## YOUR TASK
Copy out all of the entries exactly as they appear.

## Items from a data source
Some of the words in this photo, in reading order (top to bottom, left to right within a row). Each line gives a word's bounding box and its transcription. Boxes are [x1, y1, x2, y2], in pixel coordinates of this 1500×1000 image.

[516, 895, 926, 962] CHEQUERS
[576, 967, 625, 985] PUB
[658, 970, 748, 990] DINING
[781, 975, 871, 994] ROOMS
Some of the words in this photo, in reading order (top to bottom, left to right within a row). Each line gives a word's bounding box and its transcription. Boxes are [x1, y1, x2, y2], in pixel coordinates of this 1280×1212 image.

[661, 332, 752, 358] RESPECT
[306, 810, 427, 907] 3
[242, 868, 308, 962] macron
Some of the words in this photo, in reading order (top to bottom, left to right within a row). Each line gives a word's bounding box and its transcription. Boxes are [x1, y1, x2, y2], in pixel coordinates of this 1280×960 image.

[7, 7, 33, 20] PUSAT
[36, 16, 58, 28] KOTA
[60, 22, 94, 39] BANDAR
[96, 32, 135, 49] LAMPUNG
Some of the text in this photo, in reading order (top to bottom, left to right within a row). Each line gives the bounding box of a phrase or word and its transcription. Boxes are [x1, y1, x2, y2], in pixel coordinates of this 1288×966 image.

## SOLUTION FOR THIS TASK
Some of the words in this photo, in reading order (top to bottom, left to right within a row). Each line gives a word's bounding box and its transcription. Boxes are [x1, y1, x2, y2], in pixel coordinates of this 1500×1000 image.

[516, 895, 926, 962] CHEQUERS
[576, 967, 625, 985] PUB
[658, 970, 748, 990] DINING
[781, 975, 871, 994] ROOMS
Some of the words in this photo, in reading order (top to bottom, left to right within a row). Each line gives a word's bounding box and its transcription. Boxes are [x1, y1, x2, y2], in pixel coordinates of this 1280×1212 image.

[661, 332, 752, 358] RESPECT
[306, 810, 427, 907] 3
[242, 868, 308, 962] macron
Some of the words in this photo, in reading order (top to bottom, left to right within a row). Each line gives a word's bounding box and its transcription. Boxes are [x1, y1, x2, y2], in pixel coordinates of this 1280×960 image.

[7, 7, 33, 20] PUSAT
[36, 16, 58, 28] KOTA
[60, 22, 94, 39] BANDAR
[96, 32, 135, 49] LAMPUNG
Some of the text in this photo, in reading order (top to bottom, left to right within a row). Each line gives the bounding box of a phrase or word and its transcription. Boxes are [x1, y1, x2, y2], in pixel coordinates of this 1288×966 image.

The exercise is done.